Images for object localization
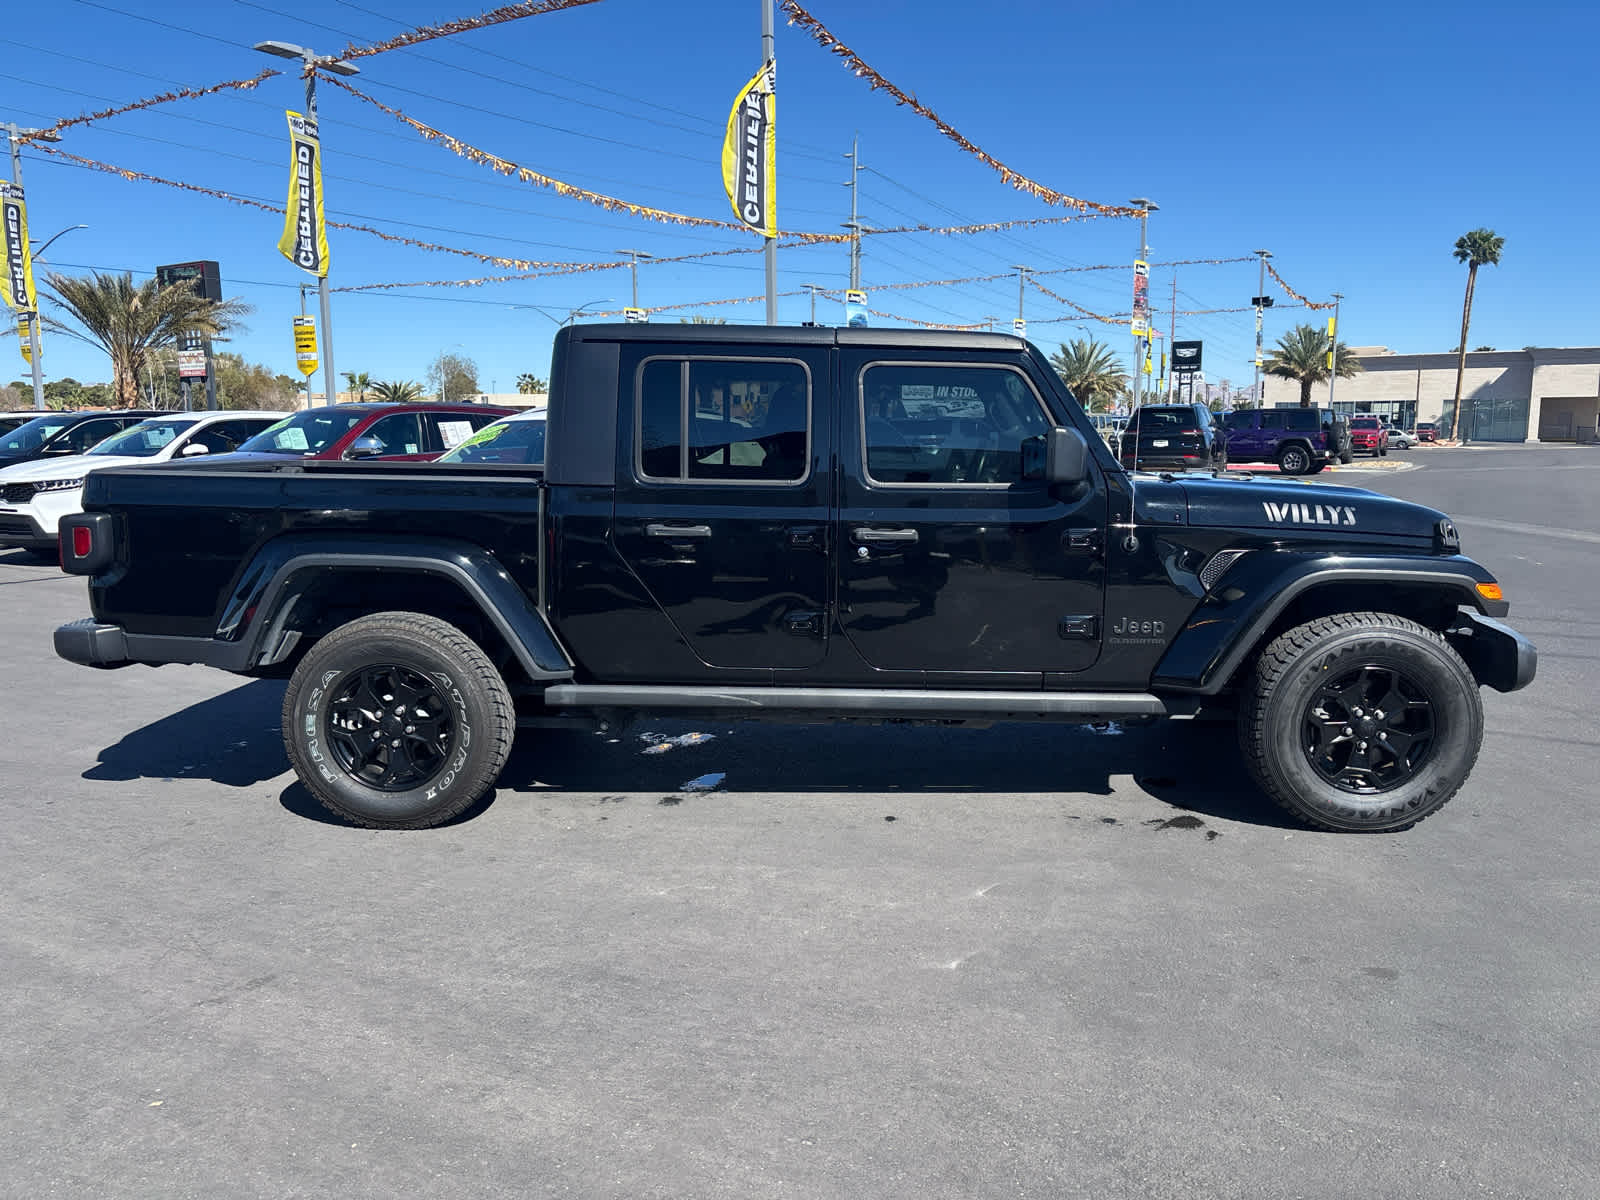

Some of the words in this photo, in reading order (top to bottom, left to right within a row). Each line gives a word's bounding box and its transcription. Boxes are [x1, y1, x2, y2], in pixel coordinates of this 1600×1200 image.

[936, 386, 949, 397] IN
[951, 386, 978, 398] STOC
[1262, 502, 1356, 525] WILLYS
[1113, 617, 1166, 636] Jeep

### Work to be completed
Could you repeat all of the entries exactly, without any of the images?

### Result below
Some of the words in this photo, in reading order (top to bottom, left to right within a row). Each line gives a word's bounding box and its transcription. Boxes are [x1, y1, x2, y2], in pixel coordinates of this 1600×1200 image.

[936, 386, 949, 397] IN
[951, 386, 978, 398] STOC
[1262, 502, 1356, 525] WILLYS
[1113, 617, 1166, 636] Jeep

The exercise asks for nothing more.